There are serious challenges with the new realities of interactive online marketing. An excellent study called "Digital Darwinism" by Christopher Vollmer, a partner at Booz & Company, makes some solid points about the inevitability of it and challenges (emphasis added by me).

"88 percent of marketers expect to spend more on digital ads, and 82 percent believe insights into consumers’ digital behavior and related targeting tools will only become more important."

However,

"Thirteen years into the online era, only about one-quarter of marketers regard themselves as digi­tally savvy, and half claim they lack the support at senior levels to sub­stantially increase the marketing dollars allocated to digital media."

and finally

"What we’re describing here is more than just a change in the marketing mix or media buy. The marketing function, equipped to broadcast brand messages to consumers, has now become a cen­ter for dialogue, geared to gleaning what consumers want, and when and where they want it. Advertising has evolved from an interruption—grabbing attention for a product or brand—into an experience, an application, a service that the consumer actually wants. This new marketing model doesn’t shout; it listens and learns. And relevance, interactivity, and accountability are its essential ingredients."
Digital_Darwinism_Booz_Complexity

I couldn't have said it better.

So the question really is not whether a company should be in online interactive marketing, it is are they ready for it?
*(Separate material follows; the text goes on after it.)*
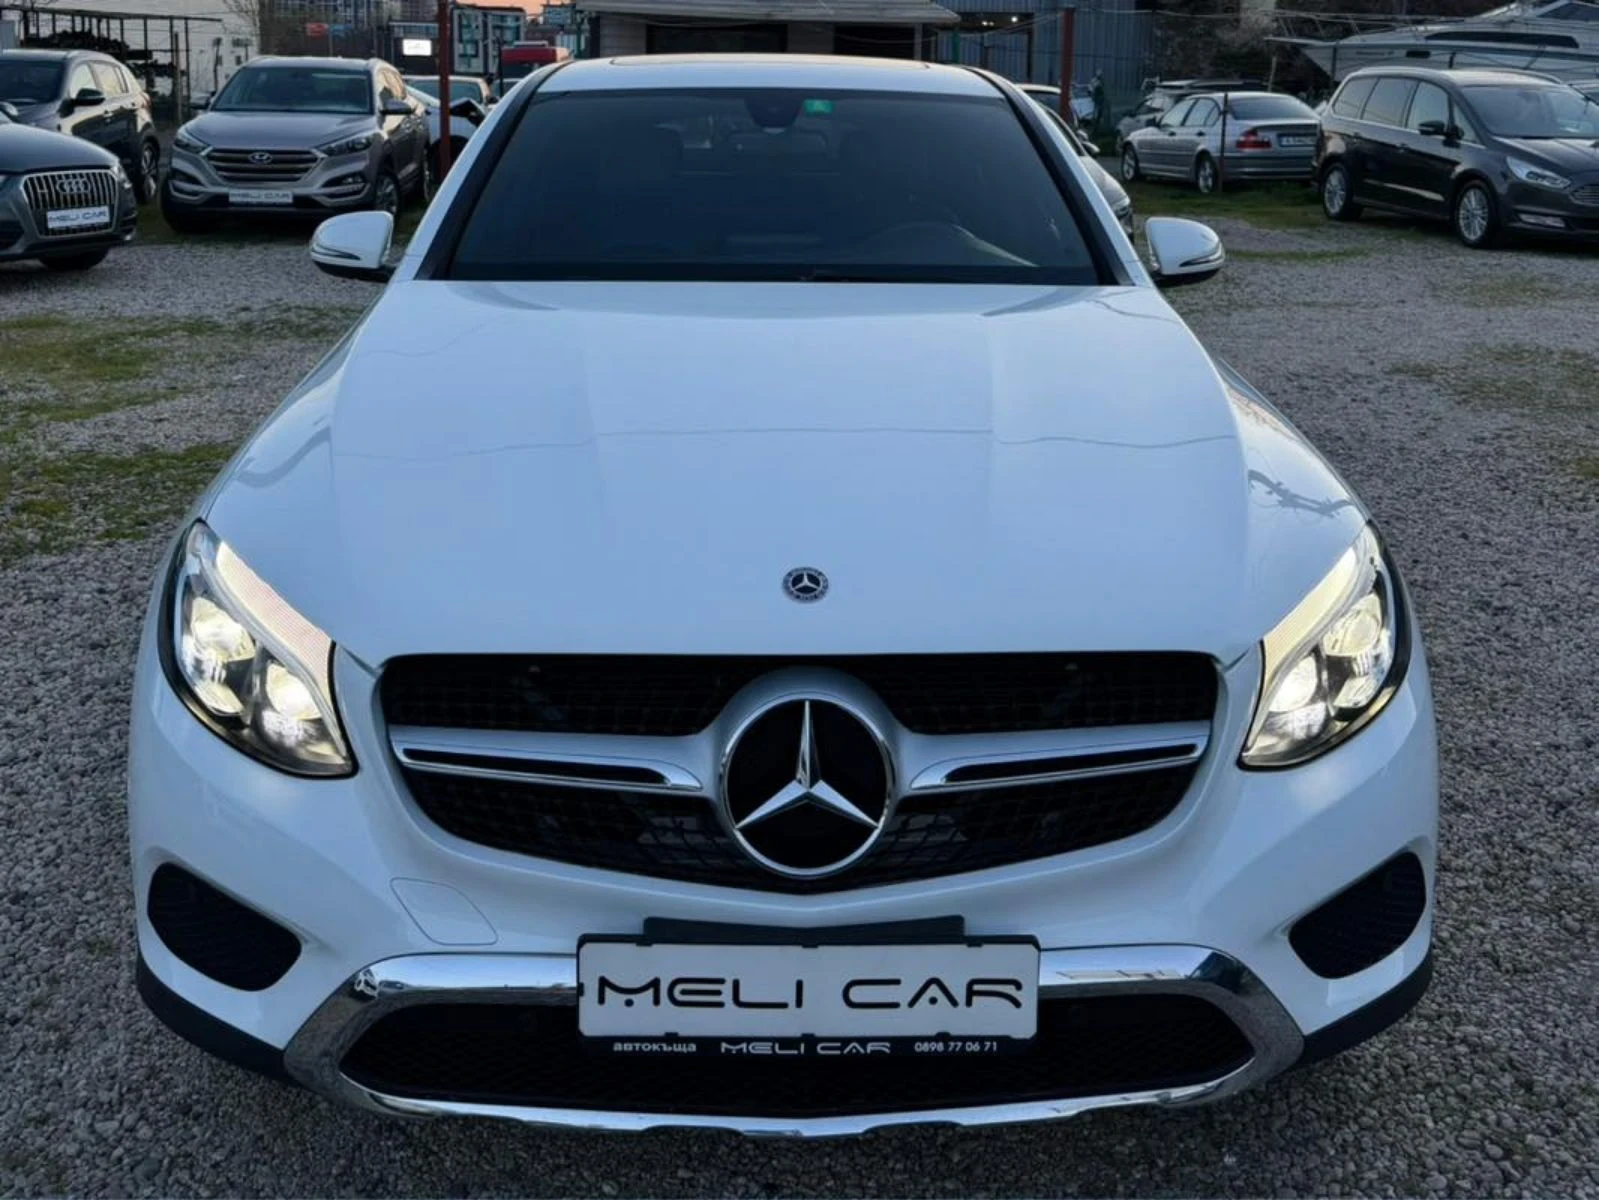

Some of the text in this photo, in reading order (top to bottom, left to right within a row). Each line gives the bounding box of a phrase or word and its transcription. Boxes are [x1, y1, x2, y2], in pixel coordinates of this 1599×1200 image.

[597, 975, 1023, 1010] MELI CAR
[613, 1041, 997, 1055] автокъща MELI CAR 0898 77 06 71
Do they have the talent to know what to do and what works in the conversation economy? It is a new, essential part of the marketing mix and requires new talents that the basic, traditional marketer may not understand yet. Said another way, engagement marketing is essential to most new campaigns in order to compete for "eyeballs" and voices, even while traditional broadcast marketing remains in the mix. The payoff is better understanding of your market behaviors and "activated" brand warriors fighting for what you are offering.

As I said in a tweet recently:

Reach > Engagement > ROI = # u touch > # u hug > # that hug u back. Let's group hug. :)

Give me a break, I only had 140 characters in which to say it.